Mora
Mora is an read re-assigner that re-assigns query reads to a unique reference.
Main steps of Mora:
- Calculate the expected abundance levels of the references based on the input SAM file.
- Assign each query that had at least one valid mapping to a reference based on their mapping scores and the expected abundance levels.
- Output the results into a txt file.
For more details, please consult the (preprint) paper.
Requirements
Rust and Cargo need to be installed and added to PATH.
Installation
To be able to use the full pipeline, run the following commands. If you only want to run Mora as a Rust program with a SAM/BAM file as input, you do not need to run the bash install.sh command.
git clone https://github.com/AfZheng126/MORA.git
cd MORA
bash install.sh
cargo build --release
Running Mora
After everything in the config files (see below) is updated according to your directories, run
snakemake --snakefile MORA --cores 24 --resources mem_mb=140000
Running Mora as a Rust Program
If you already have a SAM file that has mappings scores stored in the AS:i: optional field, you can directly run the Rust program and skip the indexing and mapping steps. To do this and get outputs without taxonomic information, run the following commands in the Mora directory.
cargo run --release -- -s samfile -o output
If you are runing from another directory and the specific binary is wanted, run
target/release/mora -s samifile -o output
A sample sam file is provided in the samples directory. To use it, use the following command.

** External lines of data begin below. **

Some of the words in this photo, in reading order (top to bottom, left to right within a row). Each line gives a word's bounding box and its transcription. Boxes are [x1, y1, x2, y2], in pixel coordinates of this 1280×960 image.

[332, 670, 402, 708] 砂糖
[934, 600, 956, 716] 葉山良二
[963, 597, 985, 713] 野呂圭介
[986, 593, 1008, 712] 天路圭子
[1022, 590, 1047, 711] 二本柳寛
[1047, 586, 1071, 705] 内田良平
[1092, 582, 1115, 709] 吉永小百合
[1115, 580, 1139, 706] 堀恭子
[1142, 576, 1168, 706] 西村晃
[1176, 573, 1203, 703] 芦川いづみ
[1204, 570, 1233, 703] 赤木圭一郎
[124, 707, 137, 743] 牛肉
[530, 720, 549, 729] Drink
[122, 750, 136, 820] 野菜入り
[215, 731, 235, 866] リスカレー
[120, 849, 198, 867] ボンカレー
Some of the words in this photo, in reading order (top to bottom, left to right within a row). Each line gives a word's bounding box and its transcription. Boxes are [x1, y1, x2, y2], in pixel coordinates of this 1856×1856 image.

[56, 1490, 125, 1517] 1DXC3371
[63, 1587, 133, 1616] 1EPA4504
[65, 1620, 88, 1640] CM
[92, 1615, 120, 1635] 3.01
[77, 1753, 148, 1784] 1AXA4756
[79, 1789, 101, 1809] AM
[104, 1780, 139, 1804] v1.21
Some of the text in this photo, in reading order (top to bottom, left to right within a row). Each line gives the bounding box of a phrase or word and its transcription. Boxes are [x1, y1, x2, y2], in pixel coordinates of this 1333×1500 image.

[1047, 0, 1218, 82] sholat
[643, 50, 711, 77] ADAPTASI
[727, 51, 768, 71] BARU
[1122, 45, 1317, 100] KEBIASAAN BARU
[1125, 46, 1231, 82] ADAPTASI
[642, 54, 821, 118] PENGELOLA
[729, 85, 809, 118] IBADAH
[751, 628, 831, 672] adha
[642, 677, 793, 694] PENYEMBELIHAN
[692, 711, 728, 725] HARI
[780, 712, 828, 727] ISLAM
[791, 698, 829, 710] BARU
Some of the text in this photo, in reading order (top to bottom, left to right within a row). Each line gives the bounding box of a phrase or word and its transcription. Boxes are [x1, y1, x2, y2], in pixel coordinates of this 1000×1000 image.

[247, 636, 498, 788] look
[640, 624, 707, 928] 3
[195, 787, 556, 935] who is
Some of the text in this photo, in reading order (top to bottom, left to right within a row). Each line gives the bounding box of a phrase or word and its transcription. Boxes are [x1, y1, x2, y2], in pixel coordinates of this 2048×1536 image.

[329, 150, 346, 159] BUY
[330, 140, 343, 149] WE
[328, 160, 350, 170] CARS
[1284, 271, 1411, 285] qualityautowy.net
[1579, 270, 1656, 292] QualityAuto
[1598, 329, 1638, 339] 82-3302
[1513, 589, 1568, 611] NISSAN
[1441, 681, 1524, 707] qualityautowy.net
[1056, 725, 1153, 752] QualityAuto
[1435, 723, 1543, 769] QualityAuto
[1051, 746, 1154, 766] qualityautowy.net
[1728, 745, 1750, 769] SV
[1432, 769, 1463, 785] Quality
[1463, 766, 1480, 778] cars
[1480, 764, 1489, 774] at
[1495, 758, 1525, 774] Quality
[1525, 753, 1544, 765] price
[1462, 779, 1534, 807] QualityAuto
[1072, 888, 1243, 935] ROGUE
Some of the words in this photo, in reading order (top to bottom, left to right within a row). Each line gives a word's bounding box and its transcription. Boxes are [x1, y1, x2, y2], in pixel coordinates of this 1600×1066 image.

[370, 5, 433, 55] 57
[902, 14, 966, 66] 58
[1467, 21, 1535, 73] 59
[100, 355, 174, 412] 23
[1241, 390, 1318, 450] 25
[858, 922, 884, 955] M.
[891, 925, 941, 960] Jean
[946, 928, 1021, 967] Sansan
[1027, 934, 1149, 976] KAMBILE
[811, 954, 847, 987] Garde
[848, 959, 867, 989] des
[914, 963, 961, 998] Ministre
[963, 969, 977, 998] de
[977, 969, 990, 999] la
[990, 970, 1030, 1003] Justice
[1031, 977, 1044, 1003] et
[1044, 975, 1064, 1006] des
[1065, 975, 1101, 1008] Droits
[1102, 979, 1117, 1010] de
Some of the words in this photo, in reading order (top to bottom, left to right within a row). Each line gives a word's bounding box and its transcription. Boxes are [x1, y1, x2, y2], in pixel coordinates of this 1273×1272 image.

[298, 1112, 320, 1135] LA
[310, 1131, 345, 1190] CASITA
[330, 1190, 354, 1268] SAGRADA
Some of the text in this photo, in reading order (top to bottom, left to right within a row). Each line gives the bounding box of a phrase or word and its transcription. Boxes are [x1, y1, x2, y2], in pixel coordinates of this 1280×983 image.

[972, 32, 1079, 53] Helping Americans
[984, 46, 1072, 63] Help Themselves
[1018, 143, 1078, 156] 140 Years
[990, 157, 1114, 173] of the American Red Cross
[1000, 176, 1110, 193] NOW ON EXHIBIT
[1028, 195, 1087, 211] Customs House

taget/release/mora -s samples/test.sam -o test.txt
For more options and customization, run
target/release/mora -h
Config File
The parameters of the config.yaml file used for the snakemake pipline are listed below:
Parameter | Description |
---|---|
BINARIES | Binary folder directory (default: binaries) - do not edit |
REFERENCES | Directory to reference fasta file |
SAMPLES_DIR | Directory to folder containing query fasta files |
RESULTS | Directory to write the results |
FILES_EXT | Query files extension, i.e. .fq, .fq.gz etc |
MAPPING_MODE | Algorithm for the initial mapping - (pufferfish, bowtie2, minimap2) |
STRATEGY | "PE" for paired-end samples or "SE" for single-end samples |
TYPE | RNA or DNA host-specific samples - right now only supports DNA |
MIN_CNT | Minimum number of counts for a reference to be considered valid |
MIN_SCORE_DIFFERENCE | Minimum score difference for a query to be assgined second |
MAX_ABUNDANCE_DIFFERENCE | Maximum difference allowed between the initial abundance estimation and the abundances created from assignments |
SEGMENT_SIZE | Size to split references into bins |
ABUNDANCE_OUTPUT | Whether to output estimated abundance levels |
TAXONOMY | Directory of taxonomic information to write results with taxonomic classes (NA to not include taxonomic information in the results) |
MEM_MB | Amount of memory to be allocated to snakemake |
TPS | Number of threads to be used per sample |
Query Files
The program requires a list of query files. These can be .fasta, .fq, or even compressed files. If the query files are pair-end quries, their name must be of the form *_1.fq and *_2.fq, where the file extension can something else. The directory of these query files must be written into the config file.
Reference File
If a reference file is provided, its directory must also be written into the config file. If there is no reference file, you can download the fasta file representing the complete representative and reference bacterial genomes from NCBI RefSeq database by following the instructions from the Microbial reference preparation from the Agamemnon Wiki. The index will be built when you run the program, so you don't have to manually do it.
Taxonomic Information
Normally, the output of the program is two columns telling you which reference each query came from. If taxonomic information about the assigned reference is wanted as well, extra files must be made. To do this, navigate to the scripts directory and run
bash taxonomy.sh reference.fa
where reference.fa is your reference files. After this is done, update TAXONOMY in the config file to Taxonomy.
Use Case
Sample data and the results from the Mora paper can be found here. To run the data, simply update the configuration file with where you download the data and run it with the snakemake command.